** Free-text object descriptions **
==========
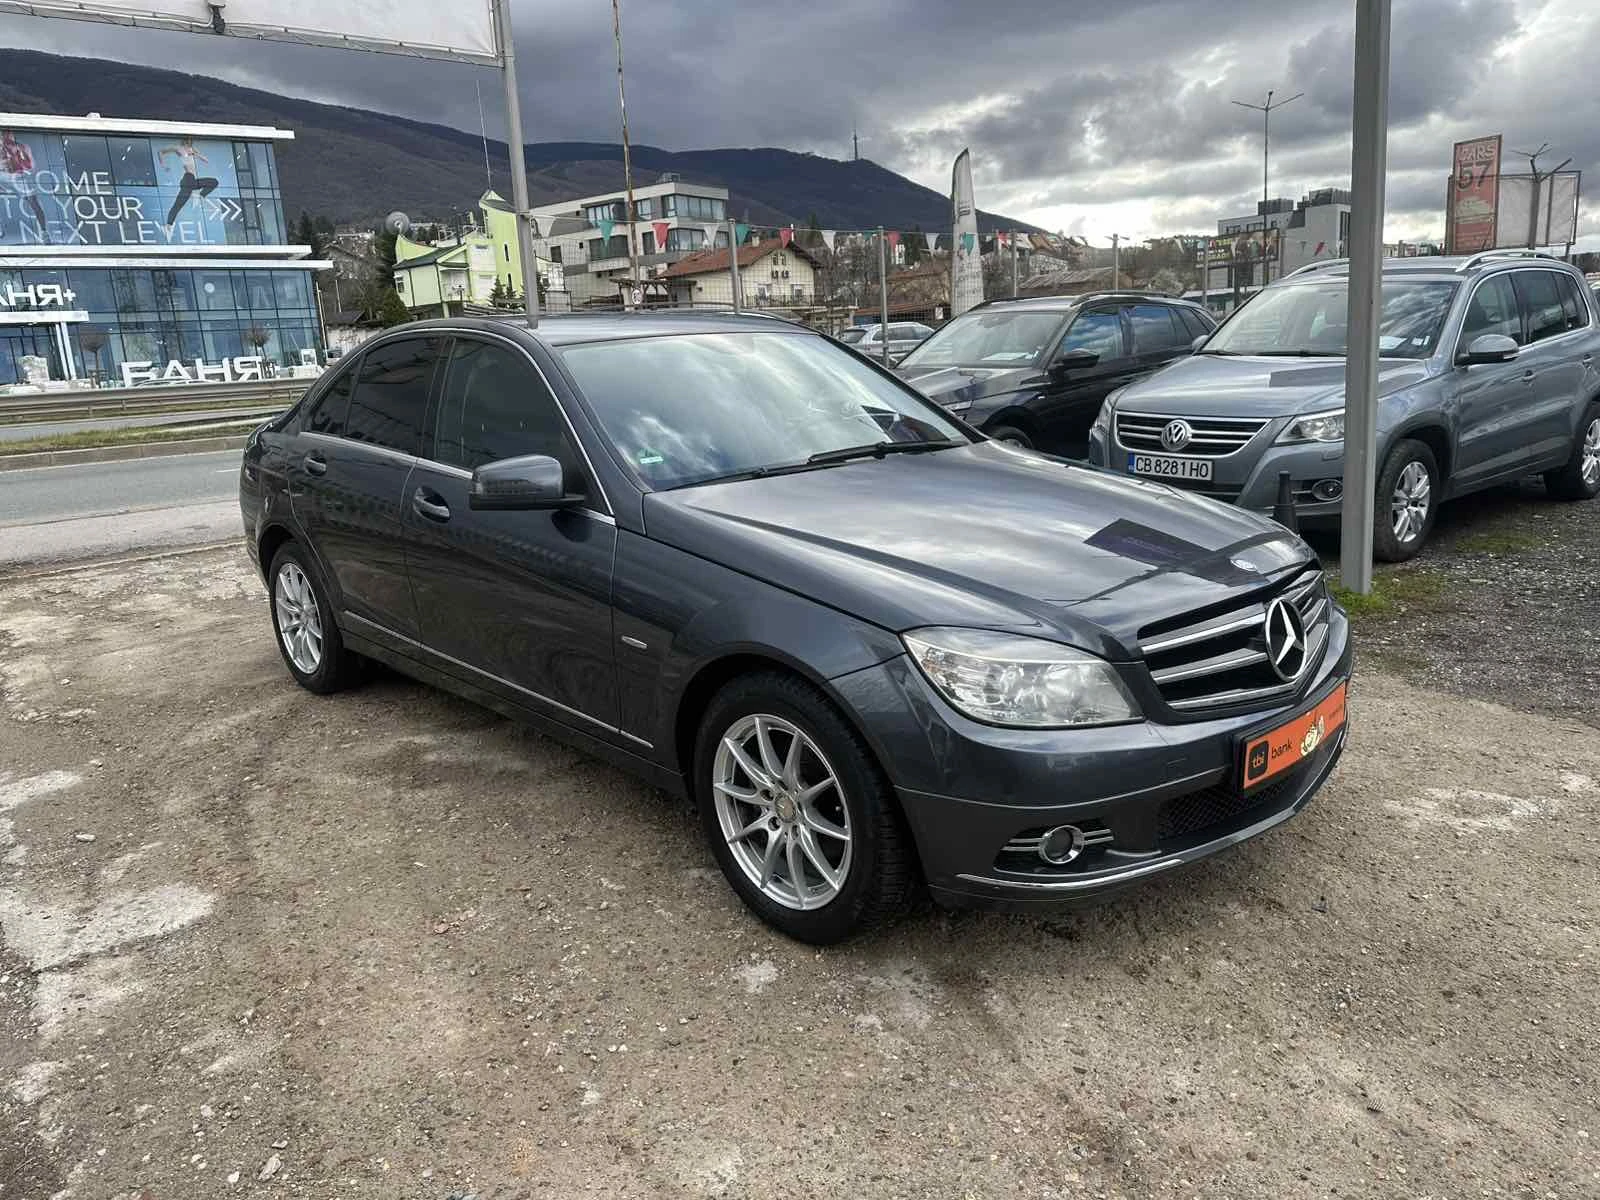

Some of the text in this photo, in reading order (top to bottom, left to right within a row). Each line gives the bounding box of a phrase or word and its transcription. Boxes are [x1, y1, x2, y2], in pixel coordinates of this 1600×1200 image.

[52, 195, 145, 220] YOUR
[19, 220, 216, 244] NEXT LEVEL
[1154, 459, 1187, 476] 8281
[1271, 737, 1293, 759] bank
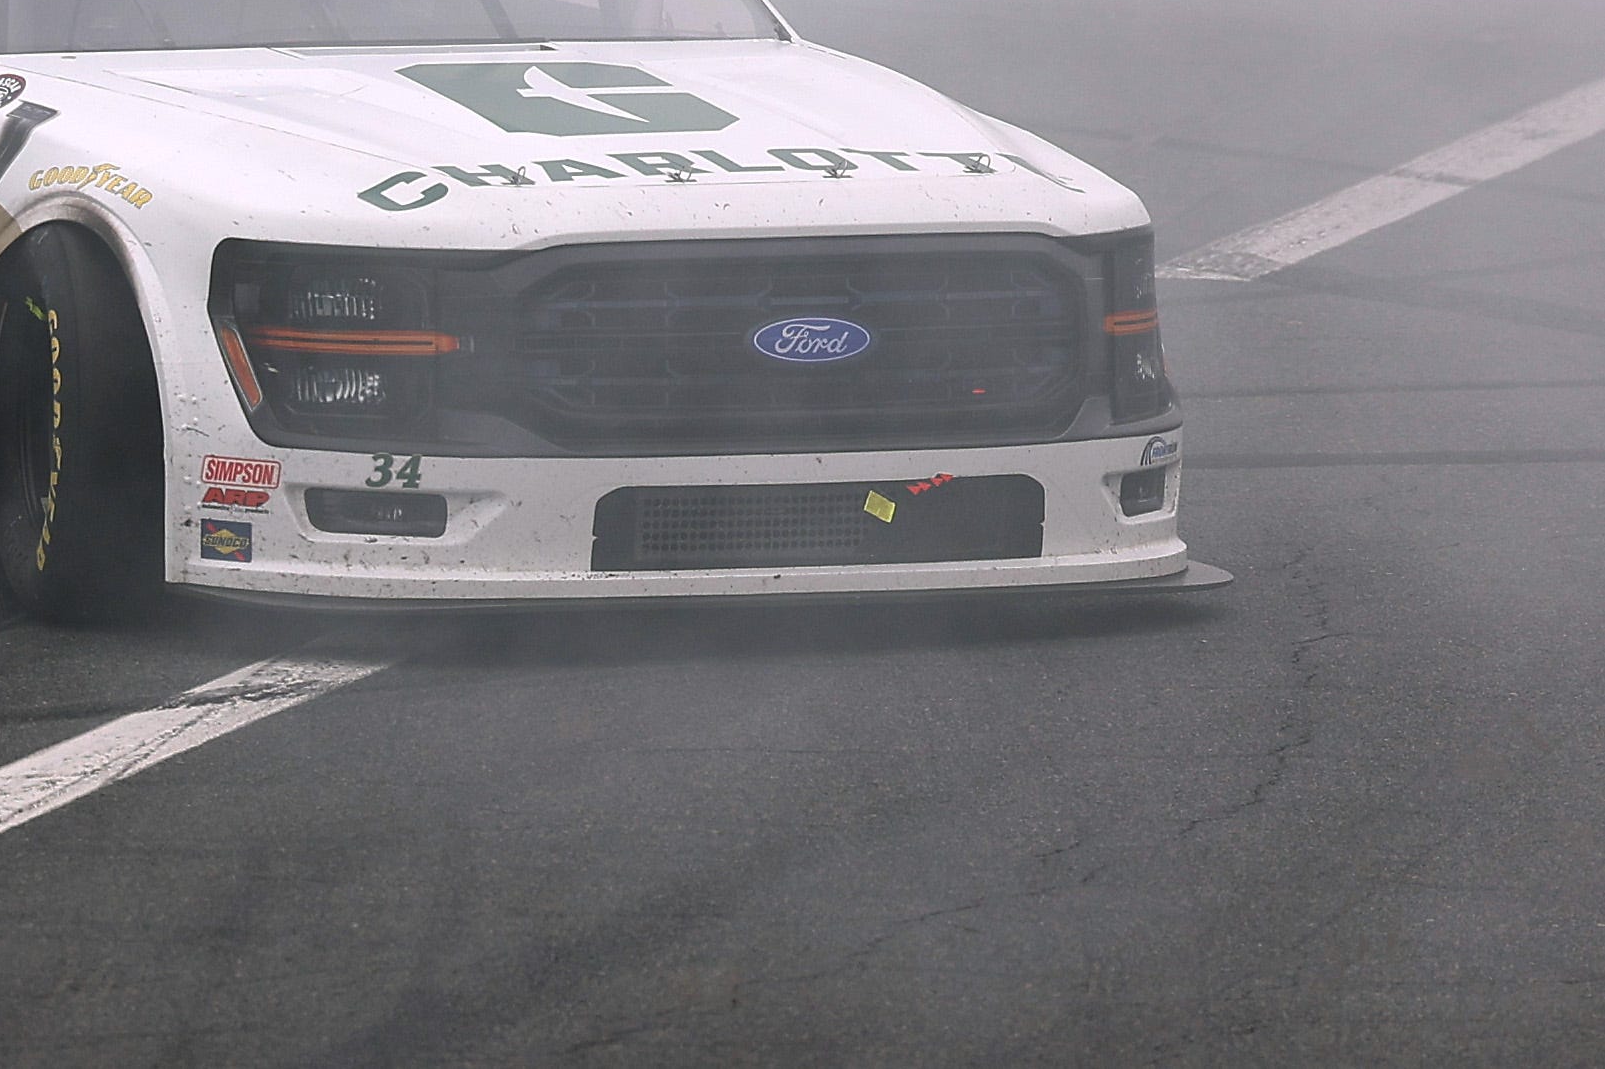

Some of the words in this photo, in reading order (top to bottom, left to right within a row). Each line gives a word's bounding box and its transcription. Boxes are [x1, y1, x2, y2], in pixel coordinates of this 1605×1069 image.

[28, 163, 153, 209] GOODYEAR
[775, 323, 848, 355] Ford
[205, 459, 276, 485] SIMPSON
[365, 452, 422, 489] 34
[201, 487, 270, 507] ARP
[203, 535, 249, 548] SUNOCO
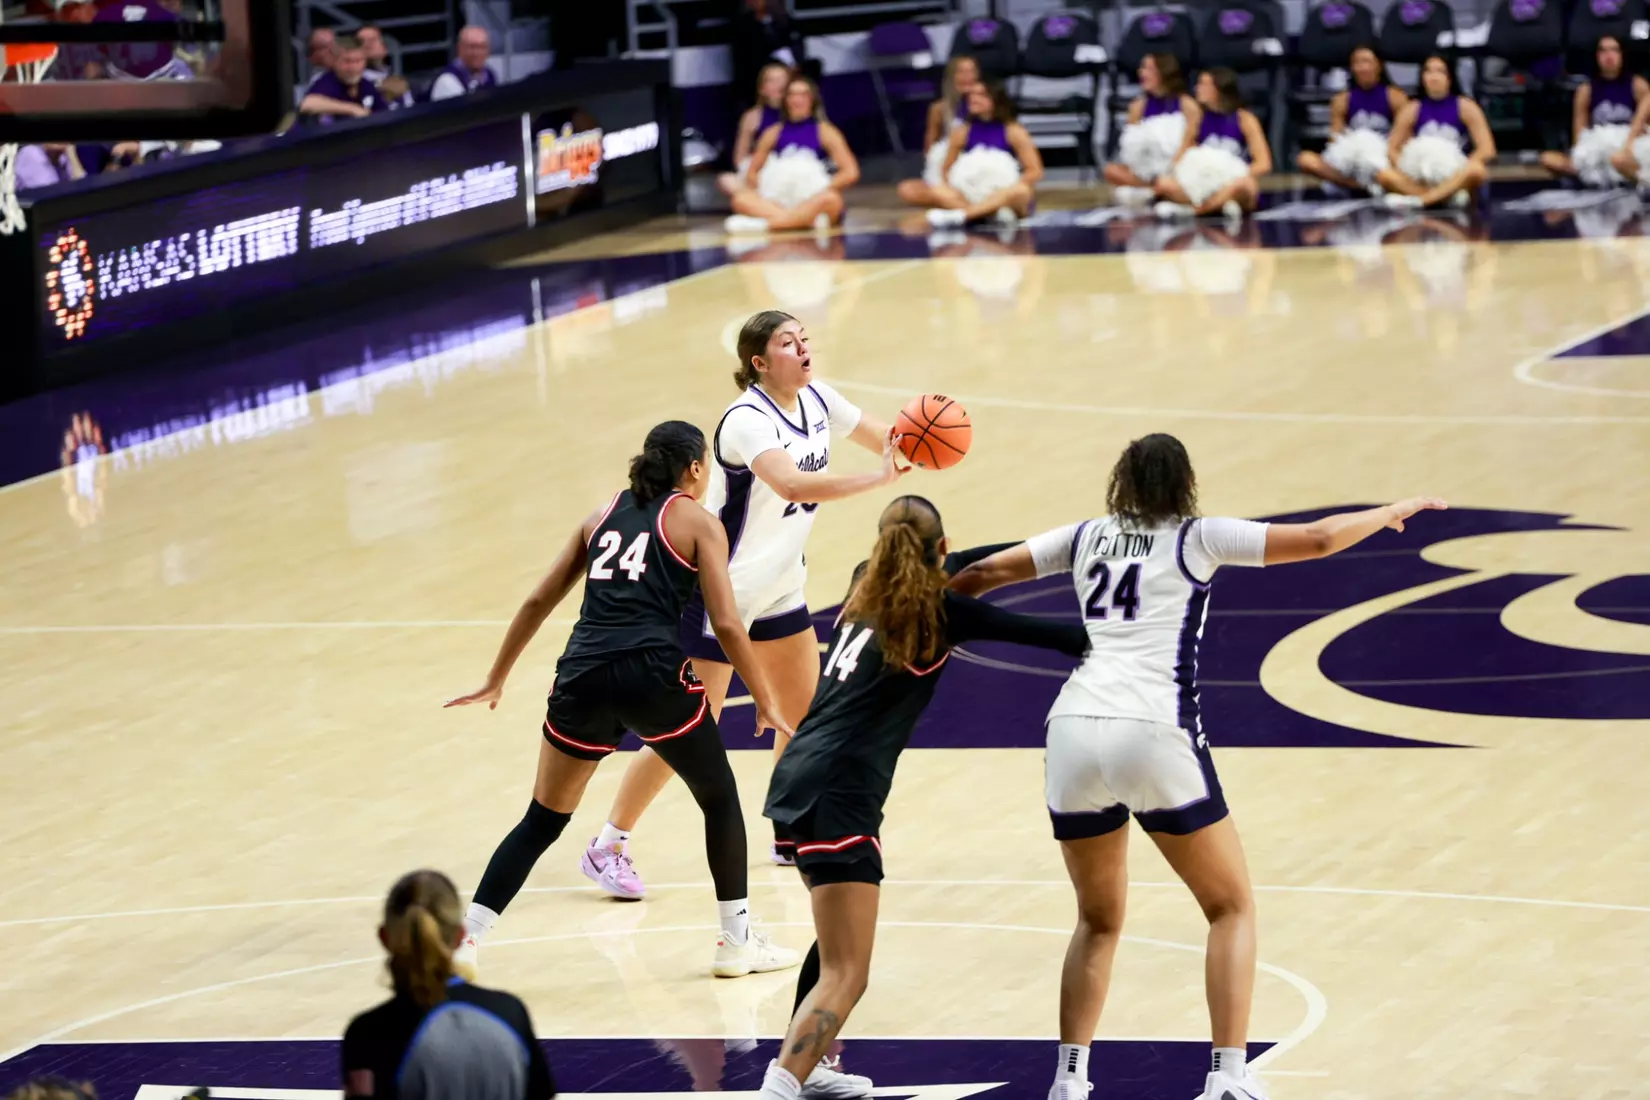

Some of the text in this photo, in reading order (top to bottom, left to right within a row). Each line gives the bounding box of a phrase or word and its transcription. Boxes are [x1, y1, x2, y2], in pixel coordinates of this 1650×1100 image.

[97, 232, 196, 300] KANSAS
[588, 530, 651, 581] 24
[1085, 562, 1142, 621] 24
[823, 621, 875, 682] 14
==========
** Exercise brief **
Reproduce the data word for word without its images.

** Your solution **
Some of the text in this photo, in reading order (top to bottom, left to right within a row). Each line gives the bounding box of a phrase or word and its transcription. Boxes are [x1, y1, x2, y2], in pixel coordinates of this 1600×1200 image.

[52, 195, 145, 220] YOUR
[19, 220, 216, 244] NEXT LEVEL
[1154, 459, 1187, 476] 8281
[1271, 737, 1293, 759] bank

Some of the words in this photo, in reading order (top to bottom, left to right within a row). Each line gives a word's bounding box and its transcription. Boxes are [x1, y1, x2, y2], in pixel coordinates of this 1605×1069 image.

[28, 163, 153, 209] GOODYEAR
[775, 323, 848, 355] Ford
[205, 459, 276, 485] SIMPSON
[365, 452, 422, 489] 34
[201, 487, 270, 507] ARP
[203, 535, 249, 548] SUNOCO

Some of the text in this photo, in reading order (top to bottom, left to right within a row). Each line gives the bounding box of a phrase or word and its transcription. Boxes are [x1, y1, x2, y2], in pixel coordinates of this 1650×1100 image.

[97, 232, 196, 300] KANSAS
[588, 530, 651, 581] 24
[1085, 562, 1142, 621] 24
[823, 621, 875, 682] 14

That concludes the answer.